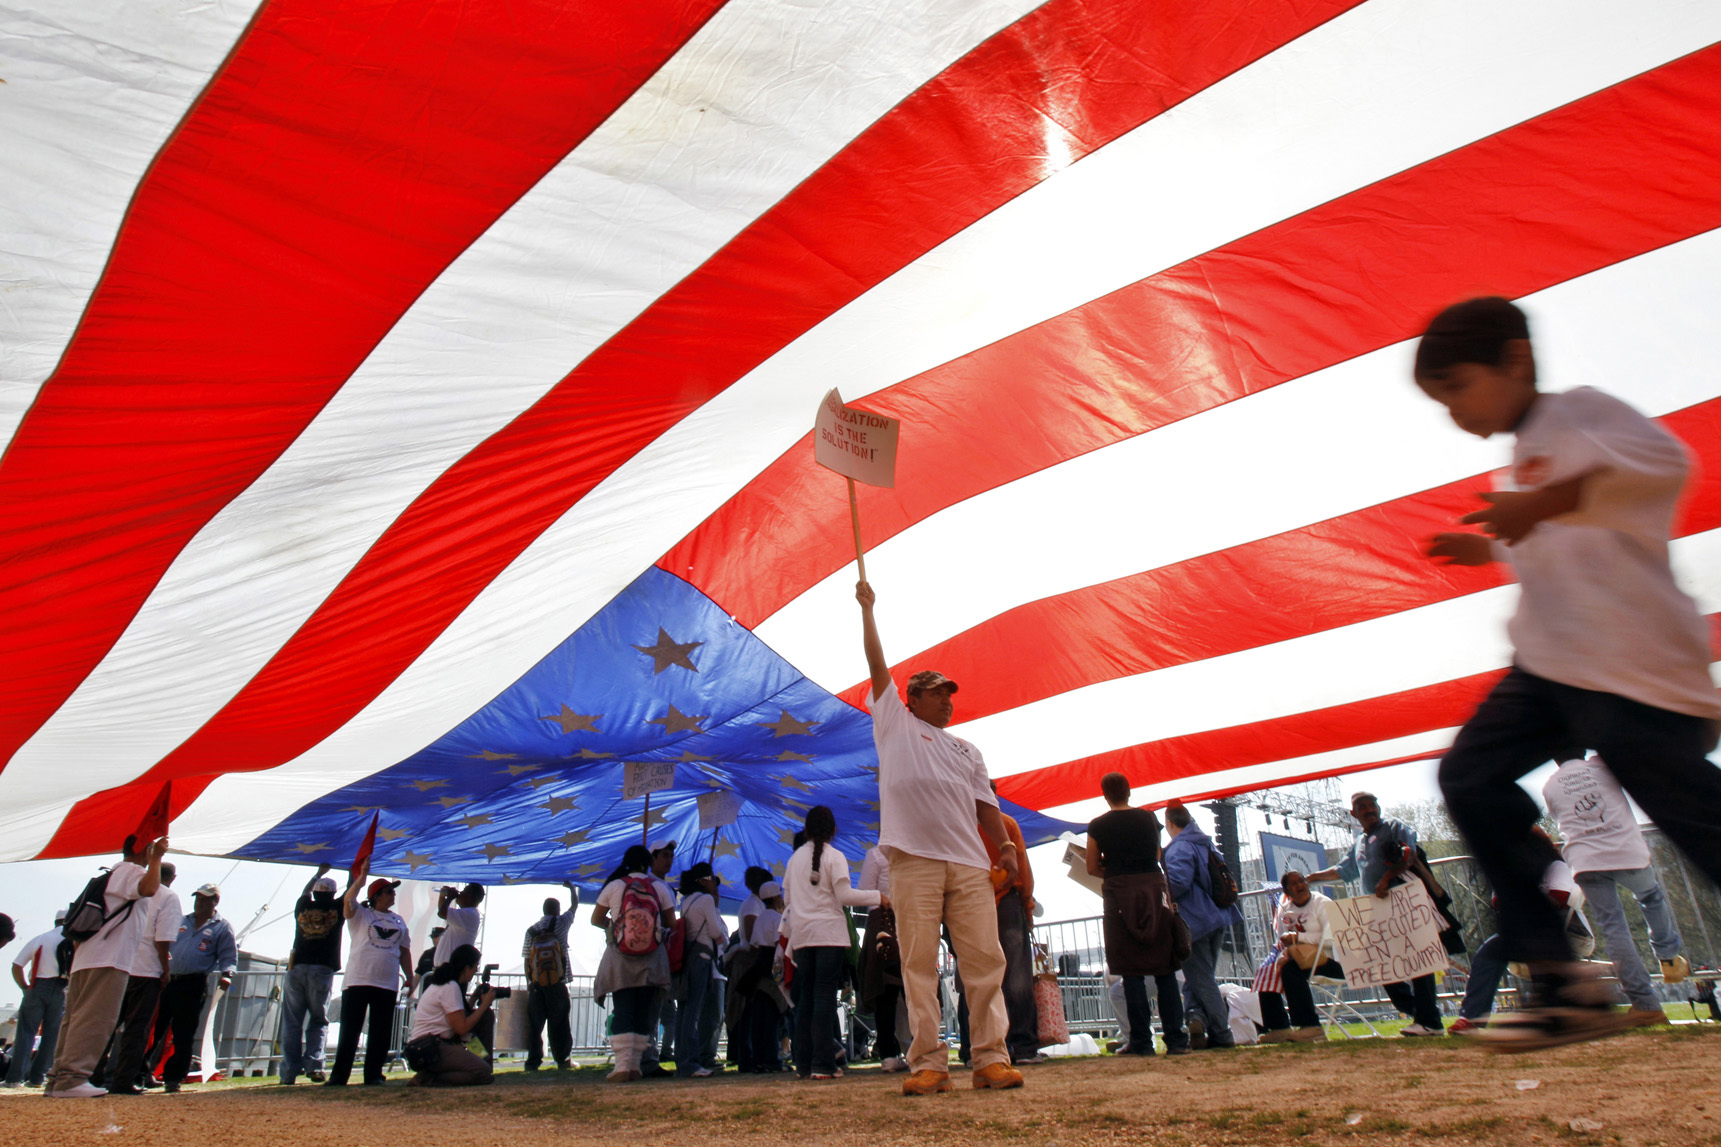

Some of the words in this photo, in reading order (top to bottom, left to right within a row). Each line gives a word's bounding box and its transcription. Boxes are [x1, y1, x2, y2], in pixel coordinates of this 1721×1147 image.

[834, 422, 844, 435] IS
[846, 427, 867, 444] THE
[650, 764, 674, 777] CAUSES
[1557, 768, 1591, 783] Dignidad
[1335, 896, 1375, 926] WE
[1390, 883, 1421, 917] ARE
[1334, 904, 1431, 956] PERSECUTED
[1347, 962, 1393, 986] FREE
[1392, 940, 1446, 979] COUNTRY
[1363, 937, 1391, 964] IN
[1404, 935, 1417, 953] A

━━━━━━━━━━━━━━━━

What to produce
Wherever an image appears, omit it, and retype everything else in the entries exactly.

Solution to this exercise
Some of the words in this photo, in reading order (top to bottom, left to right within a row). Each line gives a word's bounding box and its transcription. Boxes are [x1, y1, x2, y2], in pixel coordinates of this 1721×1147 image.

[834, 422, 844, 435] IS
[846, 427, 867, 444] THE
[650, 764, 674, 777] CAUSES
[1557, 768, 1591, 783] Dignidad
[1335, 896, 1375, 926] WE
[1390, 883, 1421, 917] ARE
[1334, 904, 1431, 956] PERSECUTED
[1347, 962, 1393, 986] FREE
[1392, 940, 1446, 979] COUNTRY
[1363, 937, 1391, 964] IN
[1404, 935, 1417, 953] A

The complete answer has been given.